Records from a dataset
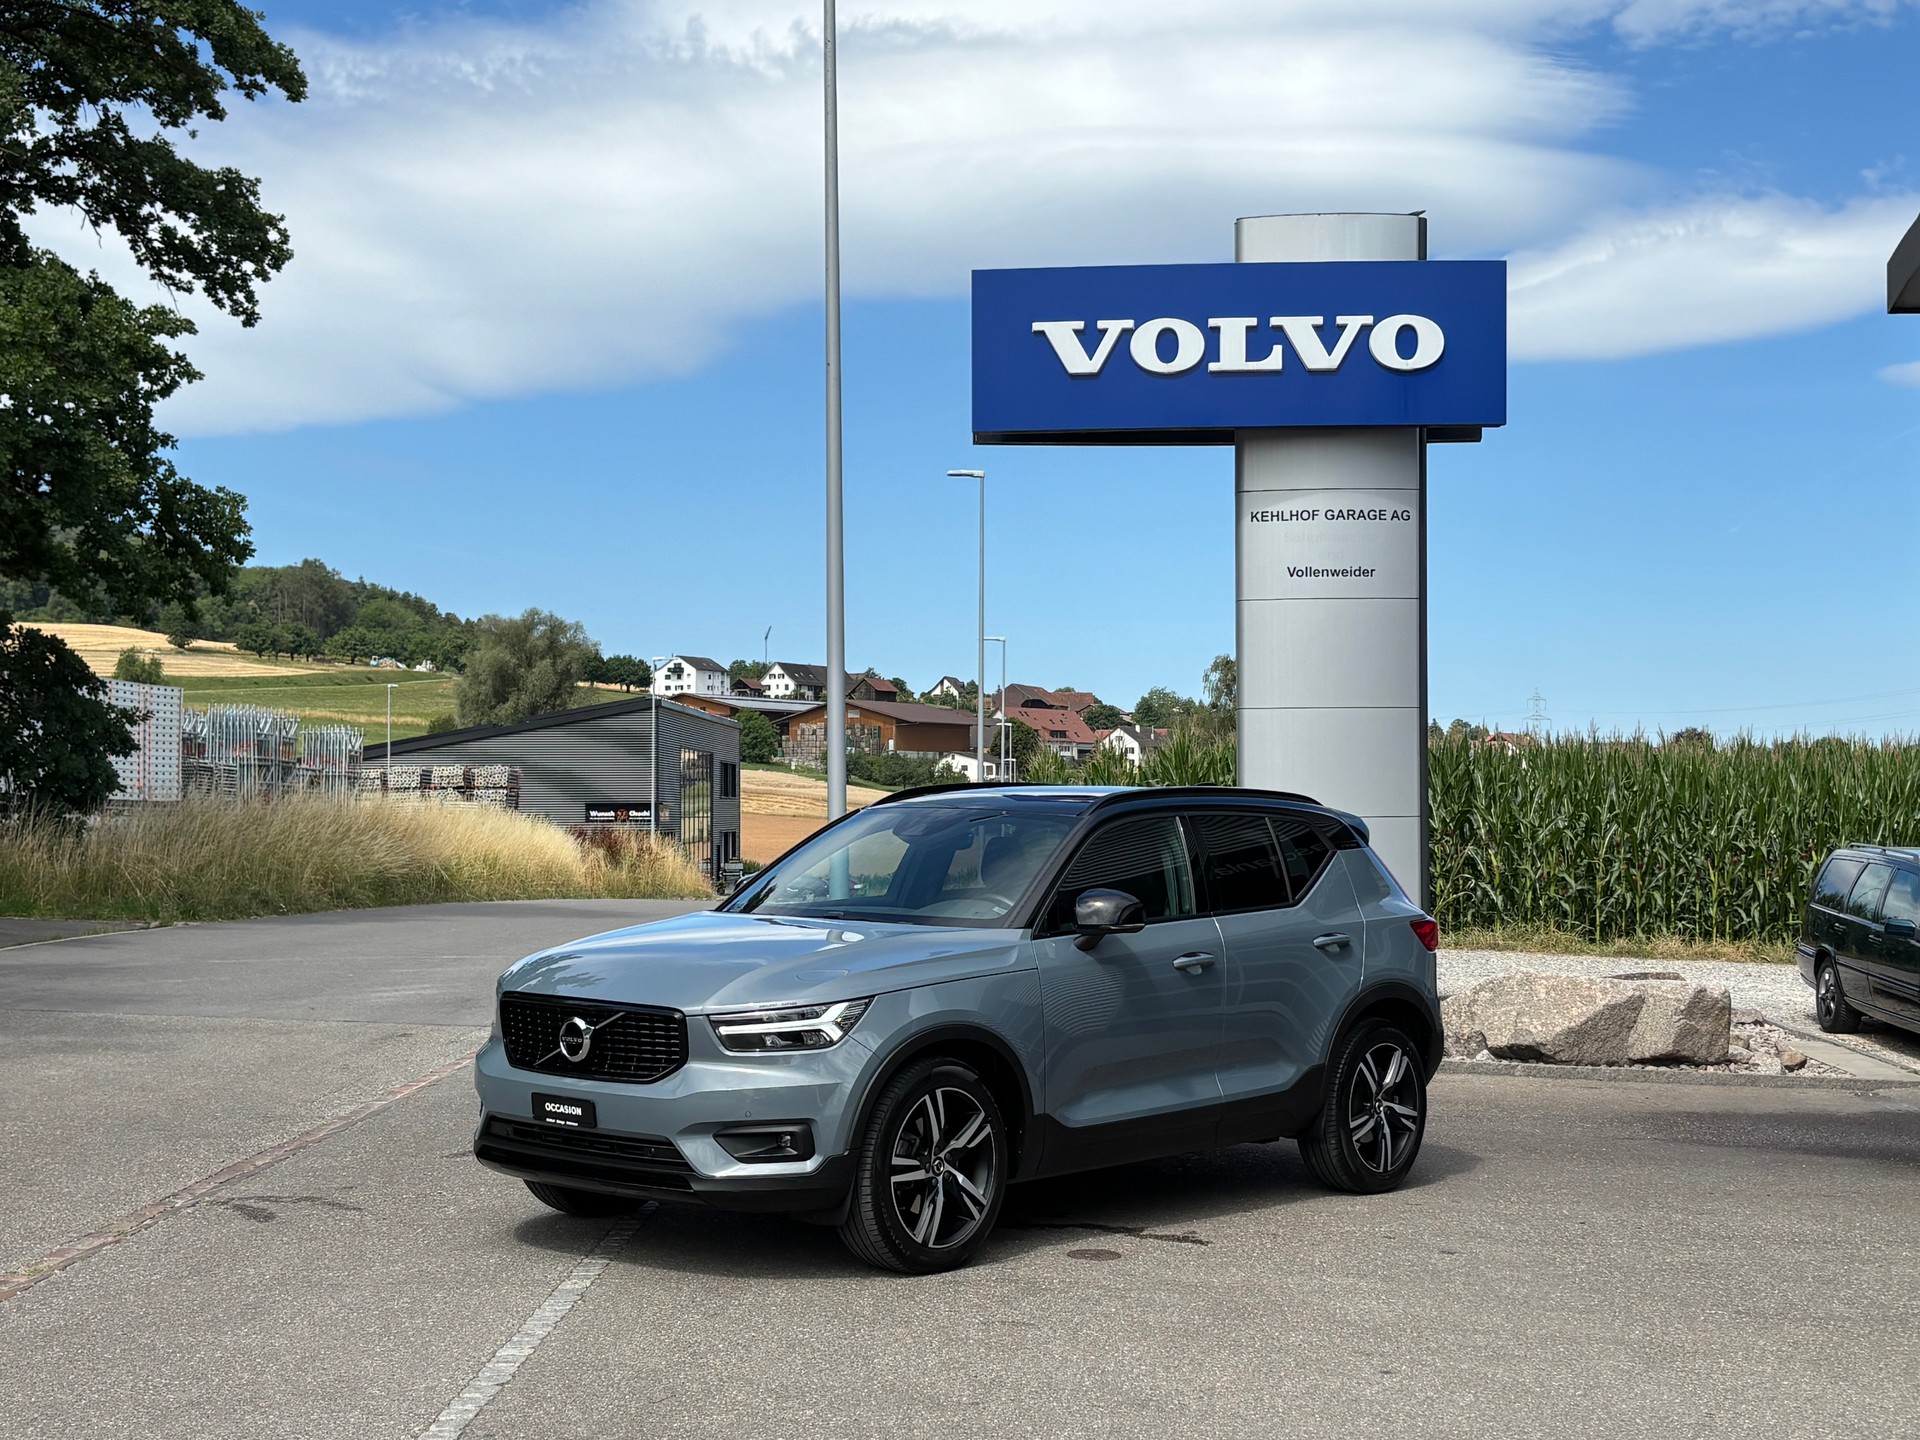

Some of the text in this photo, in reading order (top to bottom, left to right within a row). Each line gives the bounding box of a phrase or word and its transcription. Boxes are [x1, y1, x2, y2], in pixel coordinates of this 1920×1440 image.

[1032, 314, 1445, 376] VOLVO
[1250, 509, 1411, 523] KEHLHOF GARAGE AG
[1287, 566, 1376, 578] Vollenweider
[545, 1102, 582, 1116] OCCASION

▸ Try it
Could you write out the records exactly while omitting every picture?

▸ Reply to the exercise
Some of the text in this photo, in reading order (top to bottom, left to right within a row). Each line gives the bounding box of a phrase or word and its transcription. Boxes are [x1, y1, x2, y2], in pixel coordinates of this 1920×1440 image.

[1032, 314, 1445, 376] VOLVO
[1250, 509, 1411, 523] KEHLHOF GARAGE AG
[1287, 566, 1376, 578] Vollenweider
[545, 1102, 582, 1116] OCCASION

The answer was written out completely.